Phrase grounding data
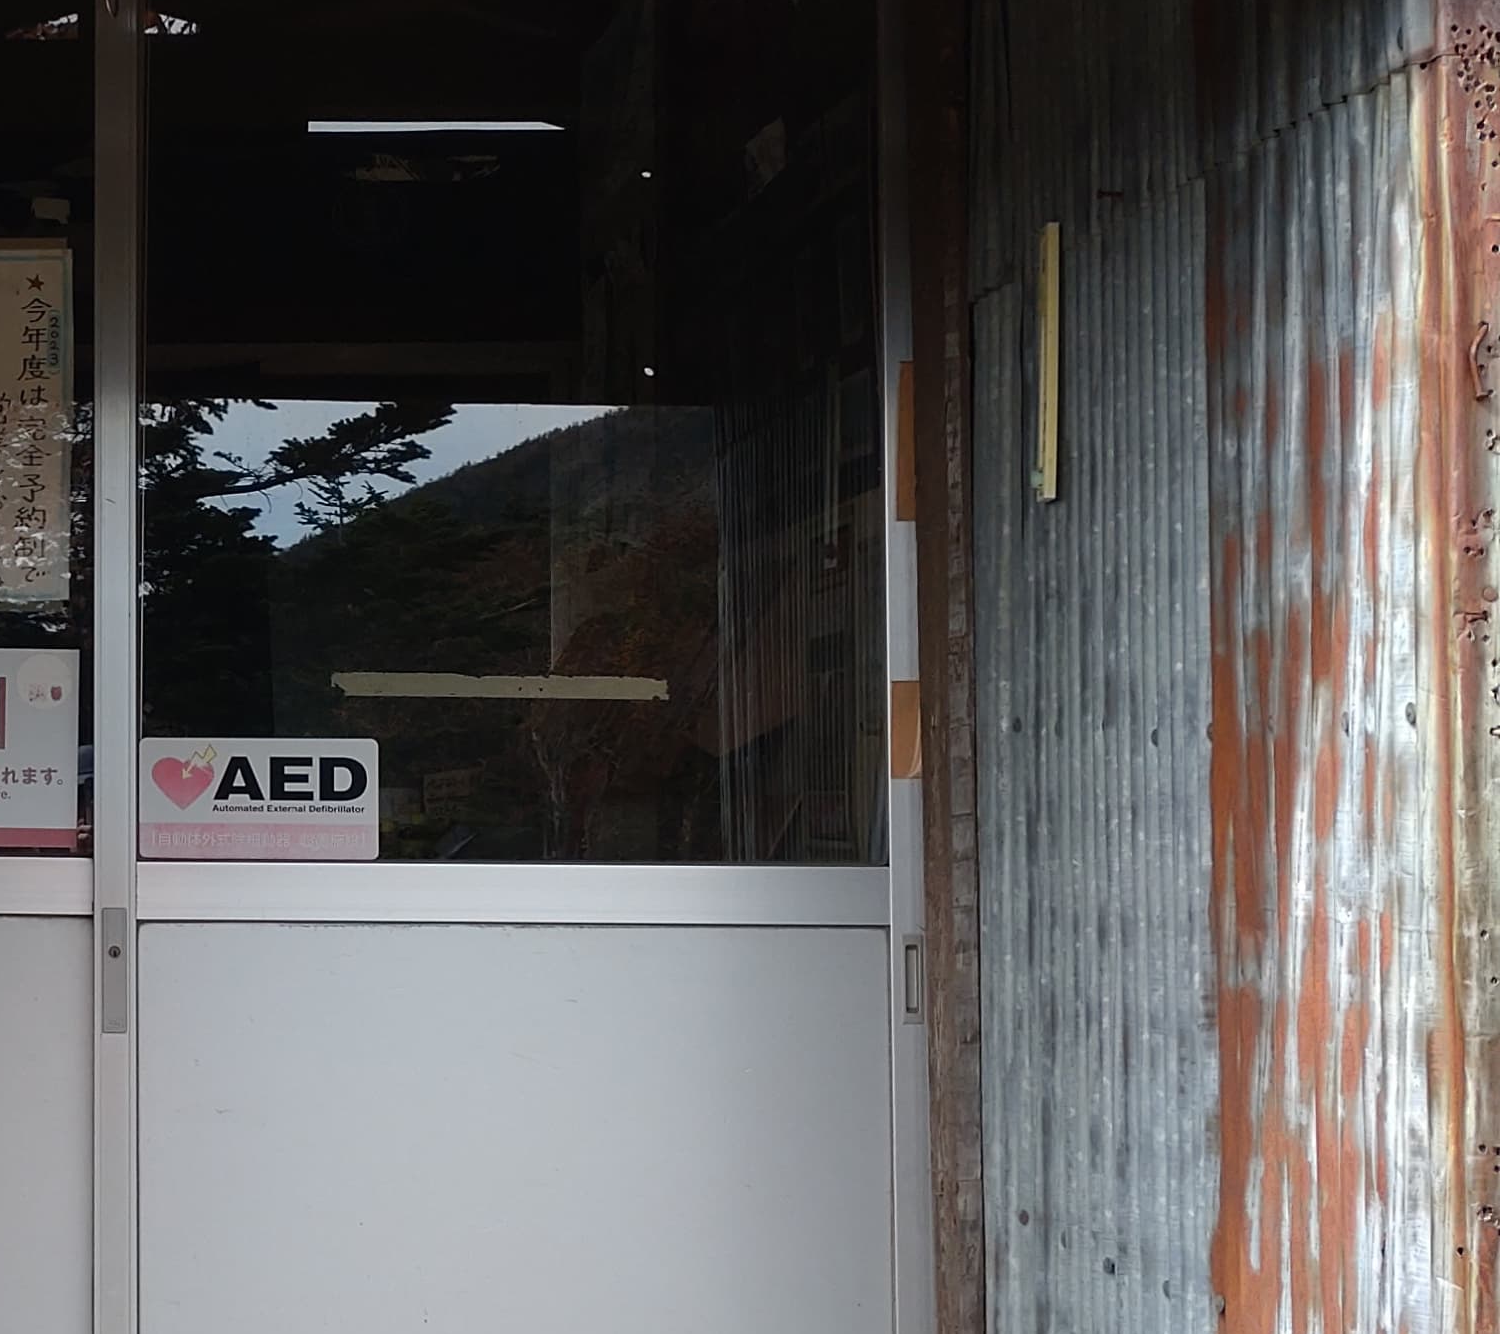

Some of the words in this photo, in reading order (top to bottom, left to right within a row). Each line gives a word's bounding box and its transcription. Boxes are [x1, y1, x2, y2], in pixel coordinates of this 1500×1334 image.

[213, 755, 368, 802] AED
[212, 803, 264, 813] Automated
[267, 803, 306, 813] External
[308, 804, 365, 814] Defibrillator

What you have to do: Copy the records exactly; no image should appear in the result.

Result:
Some of the words in this photo, in reading order (top to bottom, left to right within a row). Each line gives a word's bounding box and its transcription. Boxes are [x1, y1, x2, y2], in pixel coordinates of this 1500×1334 image.

[213, 755, 368, 802] AED
[212, 803, 264, 813] Automated
[267, 803, 306, 813] External
[308, 804, 365, 814] Defibrillator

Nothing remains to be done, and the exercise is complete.